Uma solenidade especial marcou, ontem de manhã, a celebração ao 9 de Julho, feriado estadual que homenageia o movimento revolucionário constitucionalista de 1932. A cerimônia foi realizada no quartel do 4º Comando de Policiamento do Interior (CPI-4), sediado em Bauru.

Cerca de 200 policiais militares participaram da formatura, com marchas e hinos alusivos à revolução. A solenidade ainda contou com a participação de integrantes do Corpo de Bombeiros, policiamento aéreo, ambiental e demais grupamentos da PM

A cerimônia, também prestigiada por familiares dos policiais perfilados, teve ainda a presença de parentes dos voluntários engajados na Revolução Constitucionalista. Marília Guedes de Azevedo Pallota estava entre eles. Emocionada, ela lembrou a trajetória do pai, o professor e voluntário constitucionalista Durval Guedes de Azevedo, que morreu em 1982.

Marília lembra que tinha dois anos na época em que o pai, ao lado do irmão Everaldo, deixou Bauru e foi para o front de batalha na região do Vale do Paraíba, a espera das tropas governistas que chegariam do Rio de Janeiro. Ela conta que, enquanto pai e tio lutavam na revolução, as mulheres e demais familiares de voluntários bauruenses se reuniam para cooperação mútua e, principalmente, rezar pelos combatentes.

Durante a solenidade, Marília comentou que muita gente ainda desconhece o real sentido da data. O feriado, decretado em 1996 pelo então governador Mário Covas, para a filha de ex-combatente da revolução ainda é mal interpretada por muitos, que, erroneamente, consideram o movimento como separatista.

"A revolução é confundida com uma ação de separação, e não é nada disso", completa o tenente-coronel José Humberto Nardo, comandante interino do CPI-4. Conforme o oficial, a história da "guerra paulista" precisa ser melhor esclarecida. "O mais bacana é que foi uma revolução marcada pela união de classes, faixas etárias e sexos", enaltece o oficial.

?Guerra paulista?


O movimento armado que reuniu civis e militares paulistas insurgiu conta o governo de Getúlio Vargas que havia chegado ao poder dois anos antes, também por meio de um levante: a Revolução de 1930, caracterizada por um golpe militar. O movimento de 1932 foi denominado constitucionalista porque as tropas do Estado de São Paulo queriam a promulgação de uma nova Constituição para o País. O levante teve como estopim o assassinato de quatro estudantes, no Centro da Capital paulista, por tropas federais. O acrônimo MMDC, com o nome das vítimas, Martins, Miragaia, Dráusio e Camargo, deu origem ao nome do movimento insurgente contra o governo federal. Os restos mortais dos jovens estão sepultados no mausoléu do obelisco do Ibirapuera, em São Paulo.

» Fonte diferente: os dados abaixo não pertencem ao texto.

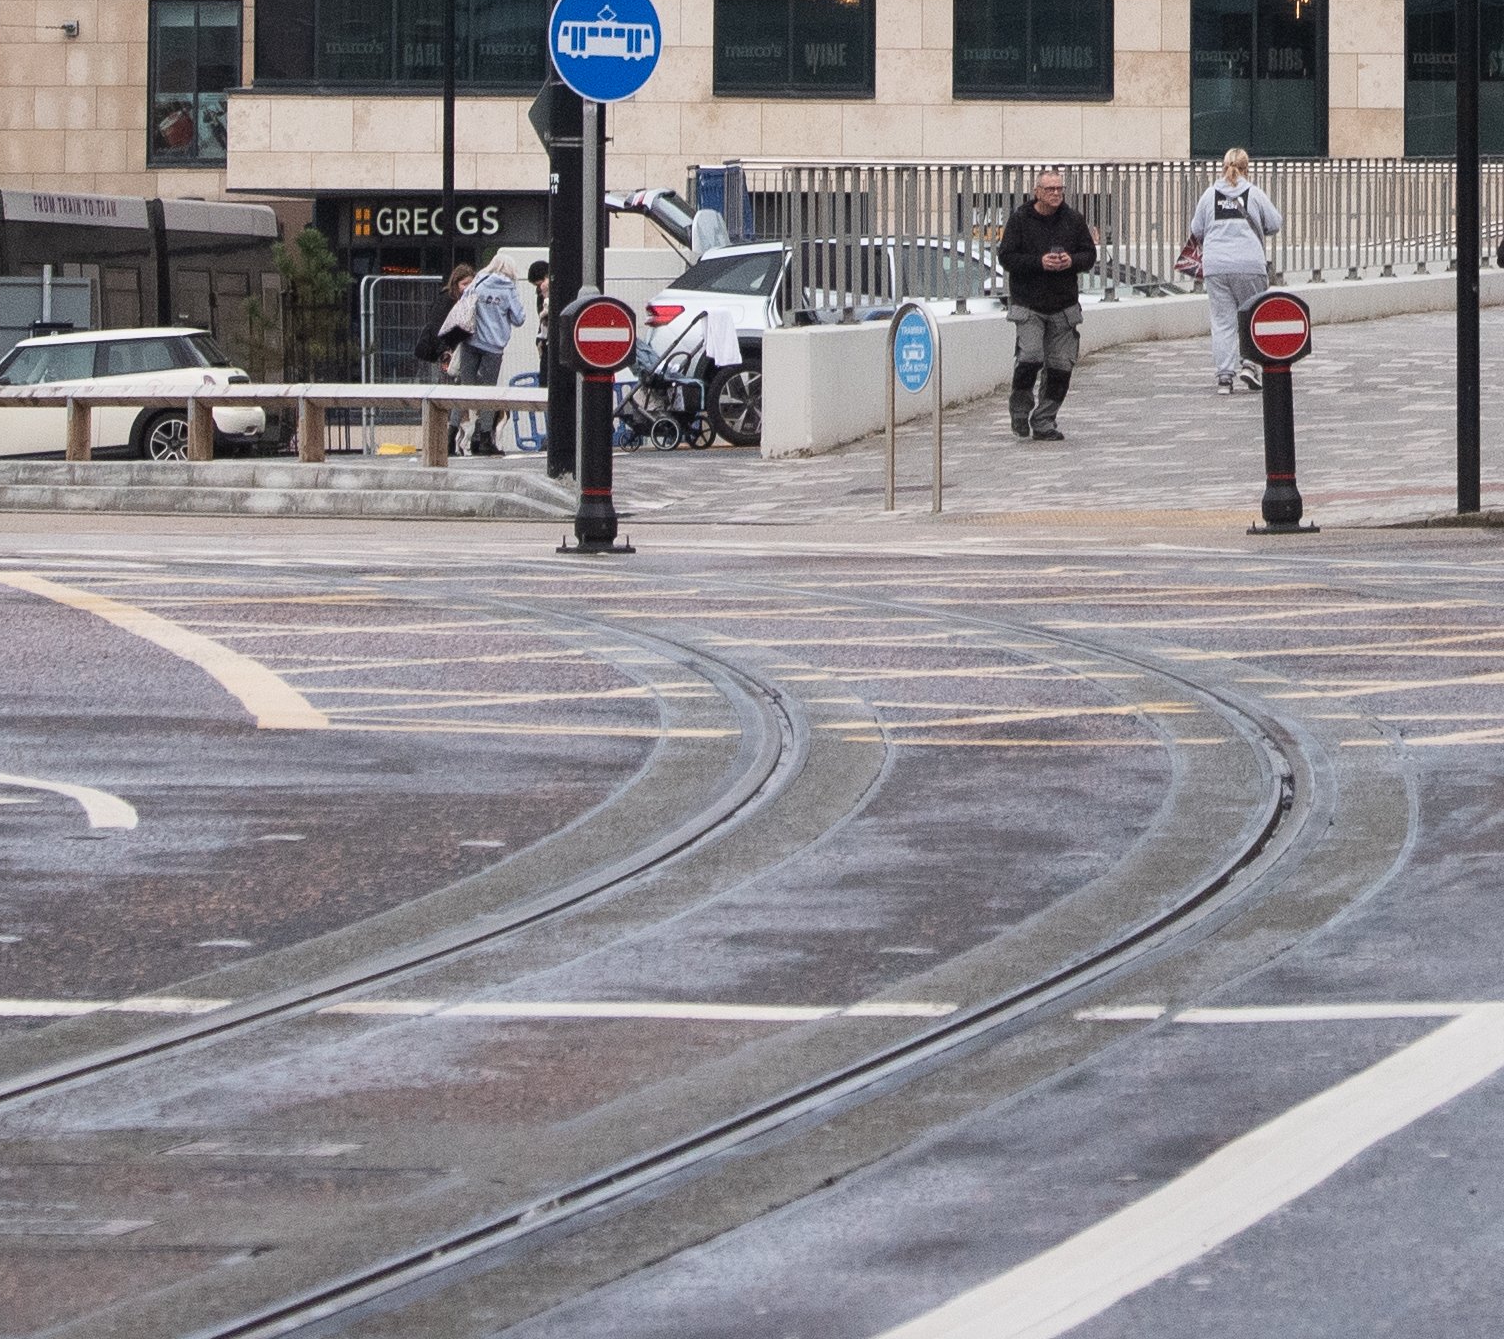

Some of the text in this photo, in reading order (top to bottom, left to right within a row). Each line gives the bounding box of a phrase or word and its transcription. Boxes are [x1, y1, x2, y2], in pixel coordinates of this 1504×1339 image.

[403, 43, 461, 66] GARL
[805, 43, 847, 67] WINE
[1040, 45, 1093, 69] WINGS
[1268, 47, 1303, 71] RIBS
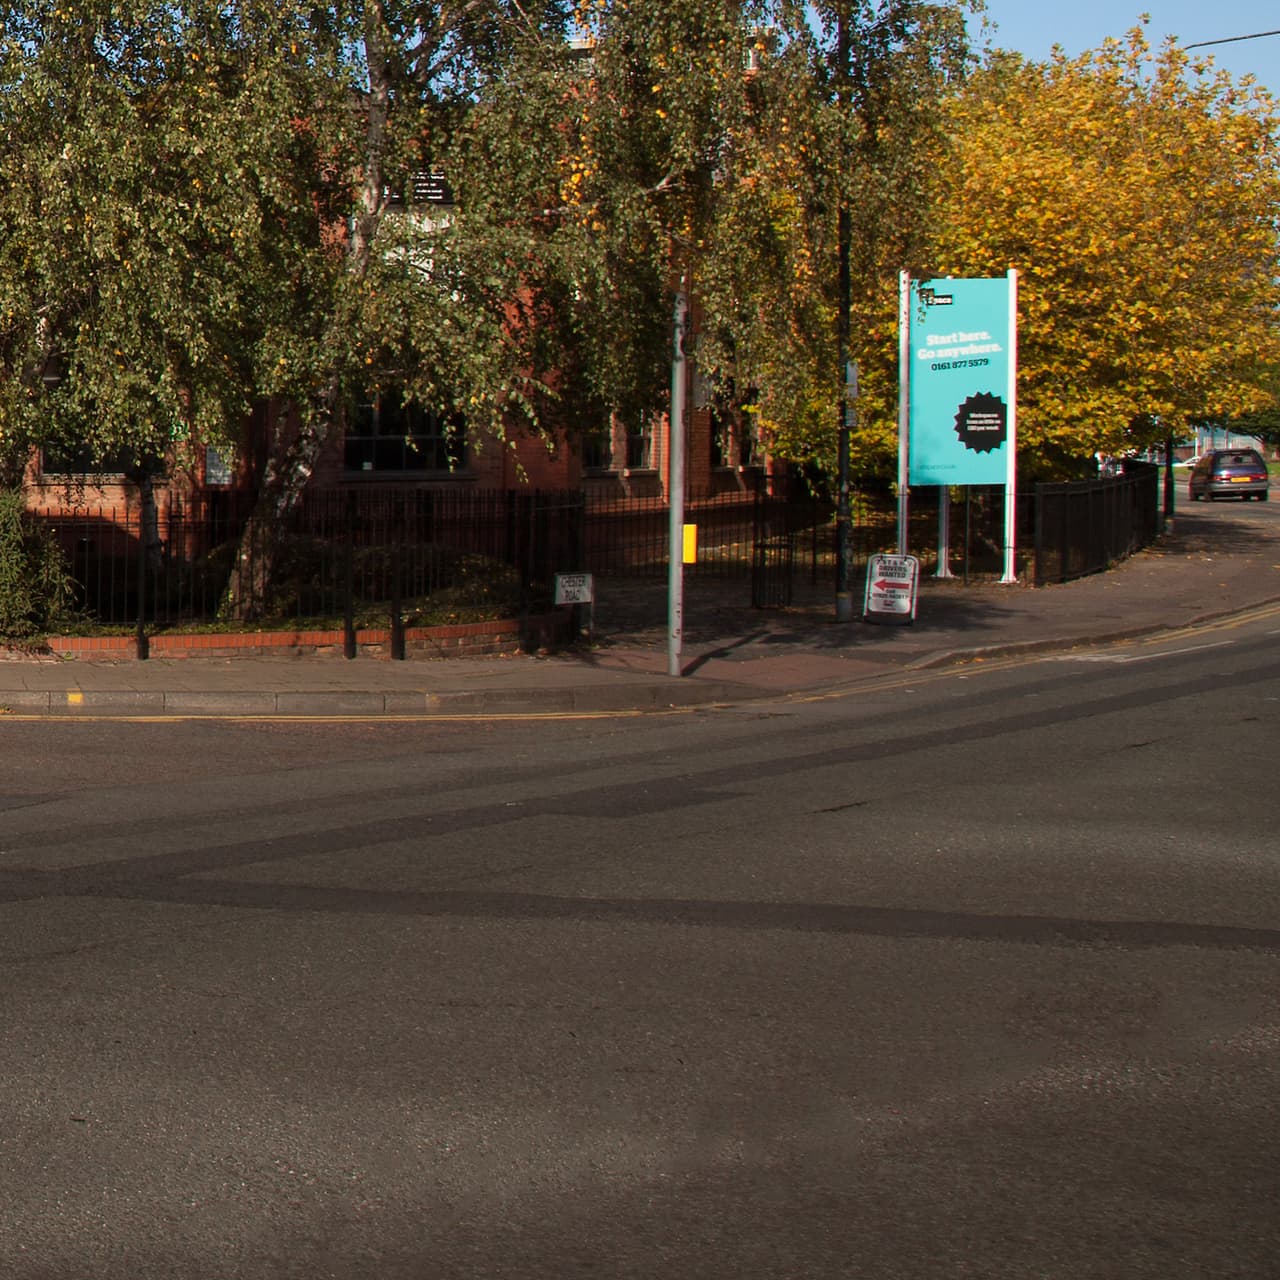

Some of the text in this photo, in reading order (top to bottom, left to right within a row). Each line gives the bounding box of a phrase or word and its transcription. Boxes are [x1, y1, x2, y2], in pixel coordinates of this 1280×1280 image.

[926, 330, 992, 346] Start here.
[917, 342, 1003, 360] Go anywhere.
[931, 358, 989, 371] 0161 877 5579
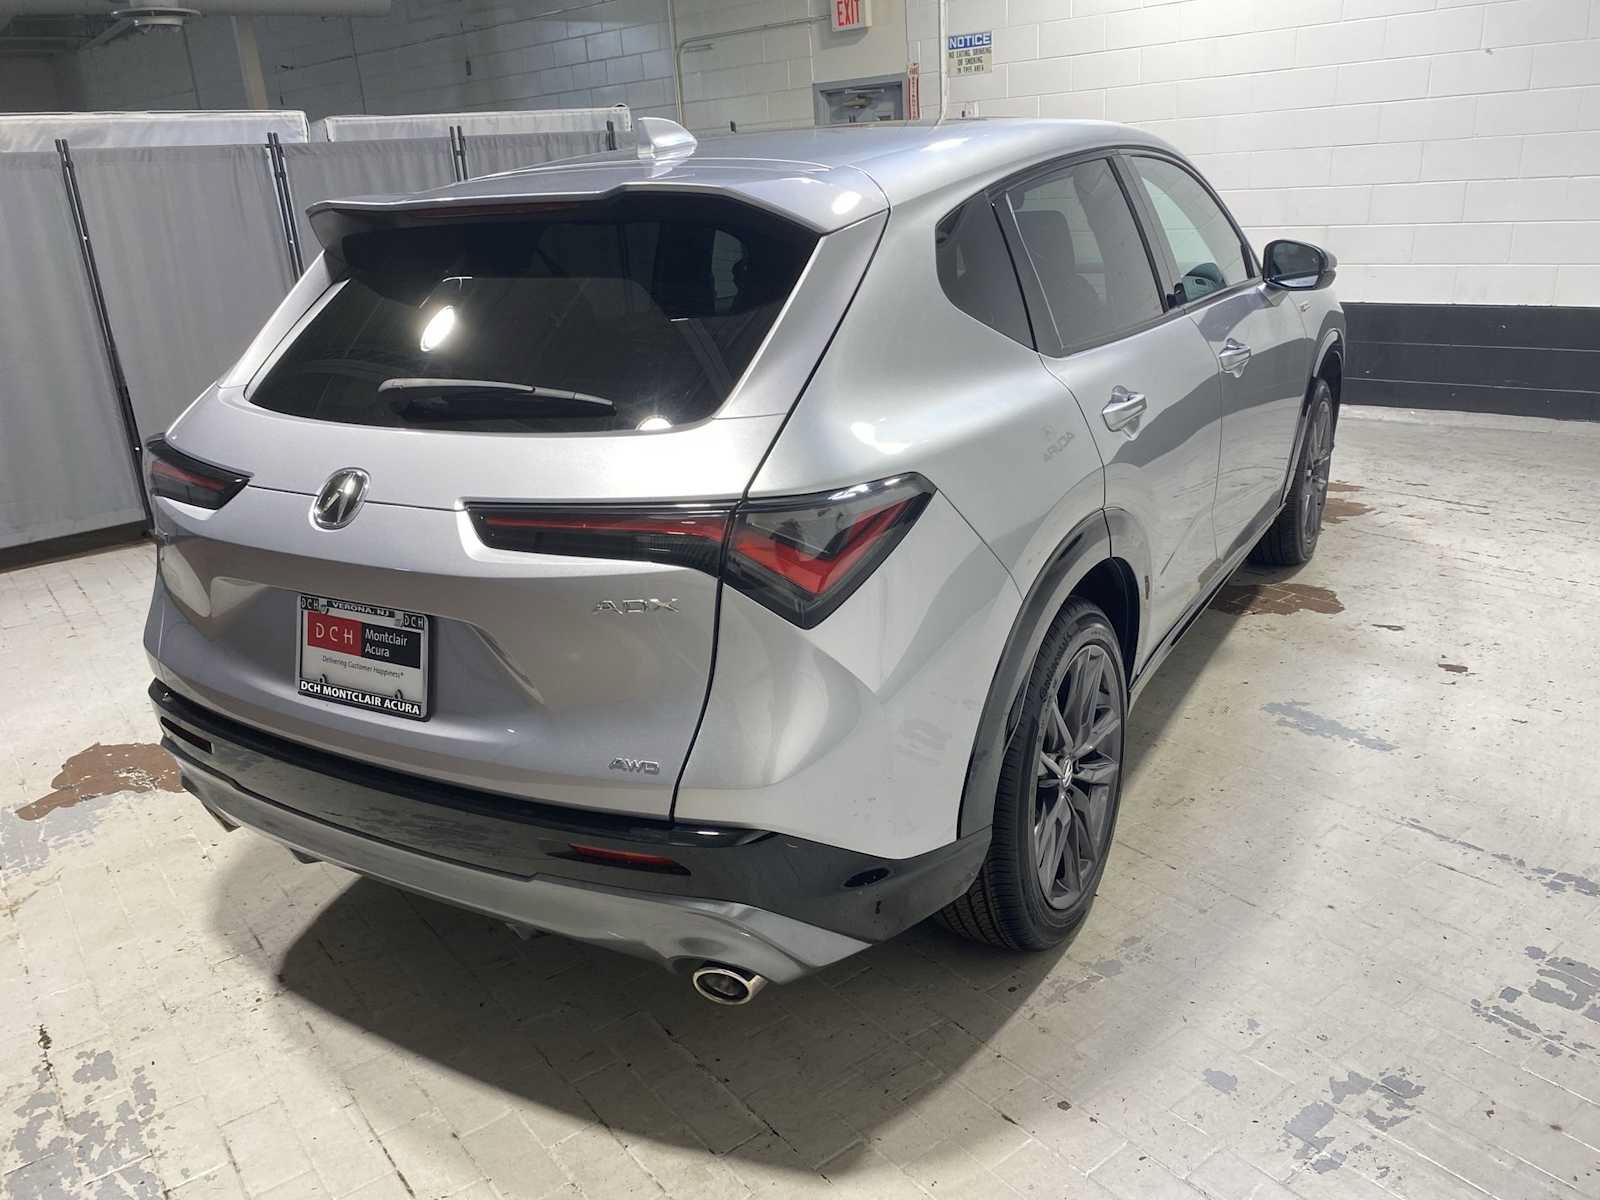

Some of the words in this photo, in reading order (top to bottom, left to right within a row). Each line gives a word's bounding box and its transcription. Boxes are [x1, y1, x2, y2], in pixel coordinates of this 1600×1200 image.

[836, 0, 860, 26] EXIT
[949, 33, 991, 49] NOTICE
[301, 597, 320, 610] DCH
[376, 607, 390, 617] NJ
[593, 598, 679, 615] ADX
[403, 614, 424, 629] DCH
[315, 622, 353, 646] DCH
[365, 628, 408, 647] Montclair
[365, 643, 390, 657] Acura
[322, 655, 348, 669] Delivering
[348, 661, 373, 673] Customer
[300, 680, 321, 694] DCH
[322, 685, 382, 707] MONTCLAIR
[383, 699, 420, 715] ACURA
[608, 757, 660, 775] AWD
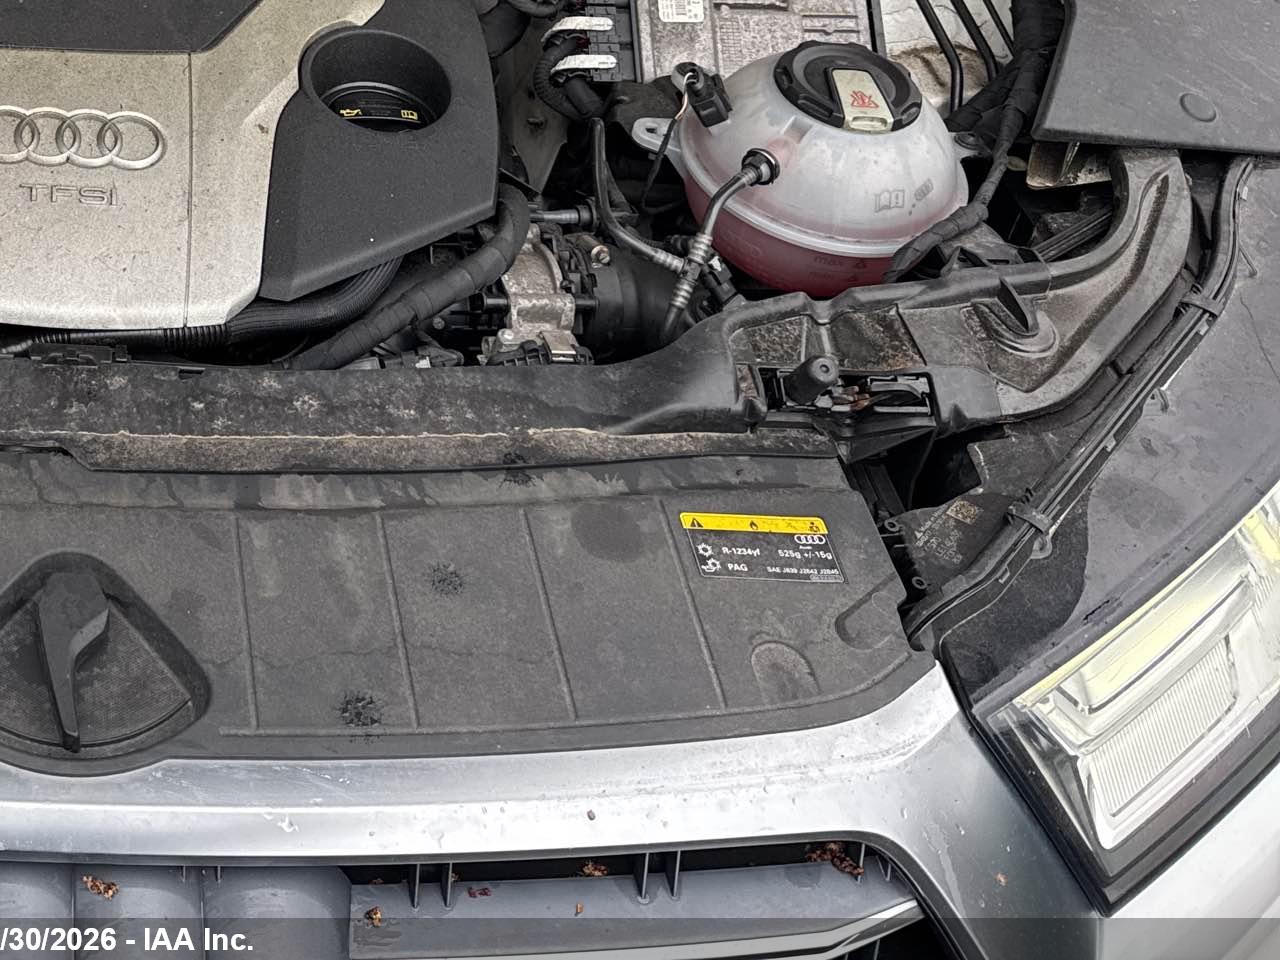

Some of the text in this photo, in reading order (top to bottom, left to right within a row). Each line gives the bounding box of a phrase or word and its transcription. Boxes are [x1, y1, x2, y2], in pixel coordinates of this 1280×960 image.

[18, 182, 119, 207] TFSI
[721, 547, 761, 557] R-1234yf
[777, 549, 801, 559] 525g
[727, 563, 748, 572] PAG

Apesar de não ter conseguido destituir a Ditadura Vargas, o movimento, que recebeu esse nome por ter sido deflagrado no dia 9 de julho de 1932, conseguiu feitos importantes, considerado como vitória por muitos participantes e descendentes, como o anúncio da Constituinte e eleições. Cerca de 830 combatentes morreram entrincheirados em cidades de todo o Interior paulista. Dos mortos, mais de 600 eram de São Paulo.